Leadership in the Ministry of Defence

Posted by: , Posted on: - Categories: Civil Service Leaders, Good management

Thank you all very much for your interesting contributions to the consultation on leadership in Jeremy’s blog a few weeks ago.

I am sure that our Civil Service-wide consultation will result in the production of a Leadership Statement that is ambitious, challenging and unique to the Civil Service.  The team will take all comments posted to date and assess them alongside the responses that they have received through other digital channels and the many face to face discussions that have taken place with Civil Servants across the UK.

The findings of this assessment will be used to draft the Leadership Statement which will be launched in the next few weeks. If you have any burning thoughts which you would like considered, please email the Leadership Team direct.
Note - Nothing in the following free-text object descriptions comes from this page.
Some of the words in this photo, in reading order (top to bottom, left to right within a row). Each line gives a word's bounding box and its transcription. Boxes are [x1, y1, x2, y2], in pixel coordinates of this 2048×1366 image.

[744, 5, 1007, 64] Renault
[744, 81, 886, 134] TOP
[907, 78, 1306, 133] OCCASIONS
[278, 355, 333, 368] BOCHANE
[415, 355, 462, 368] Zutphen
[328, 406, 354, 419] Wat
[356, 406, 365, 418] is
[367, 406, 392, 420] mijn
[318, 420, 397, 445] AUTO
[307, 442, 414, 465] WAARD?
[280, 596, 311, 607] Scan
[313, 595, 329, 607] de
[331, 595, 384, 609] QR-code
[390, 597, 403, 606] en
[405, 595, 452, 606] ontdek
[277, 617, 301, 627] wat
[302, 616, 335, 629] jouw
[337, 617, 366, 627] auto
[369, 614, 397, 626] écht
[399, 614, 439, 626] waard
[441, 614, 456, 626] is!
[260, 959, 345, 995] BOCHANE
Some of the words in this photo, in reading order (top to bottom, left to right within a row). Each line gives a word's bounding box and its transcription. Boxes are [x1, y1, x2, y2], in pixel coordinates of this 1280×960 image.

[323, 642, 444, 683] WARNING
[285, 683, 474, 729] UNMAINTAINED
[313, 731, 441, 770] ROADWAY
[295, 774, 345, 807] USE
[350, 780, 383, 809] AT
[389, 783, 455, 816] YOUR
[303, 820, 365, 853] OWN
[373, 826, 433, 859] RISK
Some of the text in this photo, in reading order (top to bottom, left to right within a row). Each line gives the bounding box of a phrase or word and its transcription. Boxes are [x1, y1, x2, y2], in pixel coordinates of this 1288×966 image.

Today though, I wanted to tell you about my experience of leadership in the Ministry of Defence (MoD).

Jon Thompson talking to a Royal Marine Commando at Civil Service Live 2013
Jon Thompson at Civil Service Live 2013 (Copyright: Civil Service World Events)

When I was appointed as Permanent Secretary of the MoD one of my personal priorities was to try and improve the quality of leadership in defence. It seems to me that one of the critical roles of the Senior Civil Service (SCS) is to lead and the annual staff survey was stark in assessing our ability to lead, listen and communicate the change needed in defence. Over the last two plus years we’ve been on a fantastic journey, investing time and resources into improving all our leaders, not just those on particular development schemes.

Initially we worked in small groups on what leadership meant for all the SCS.  Over 200 SCS colleagues participated and we developed the “Seven Part Leadership Offer”. Everyone, including me, received the same offer to develop themselves as leaders. That included secondments to partner organisations, being mentored, structured learning and development and personal coaching. Take up was incredible, for example, everyone did 360 and had structured feedback from a third party coach. We’ve been meeting as an SCS cadre every six months for a day on leadership to continue to reinforce how important this issue is for us as a team. These events have pre-work, including seminars or on line questionnaires, that feed into the day with follow up for people afterwards. For me, there have been very powerful days on inclusion, led by Dr Binna Kandola, and resilience, led by John McCarthy.  Exploring the different aspects of leadership has been really excellent in creating both a team ethos for the SCS and a sense of real momentum on a business critical issue.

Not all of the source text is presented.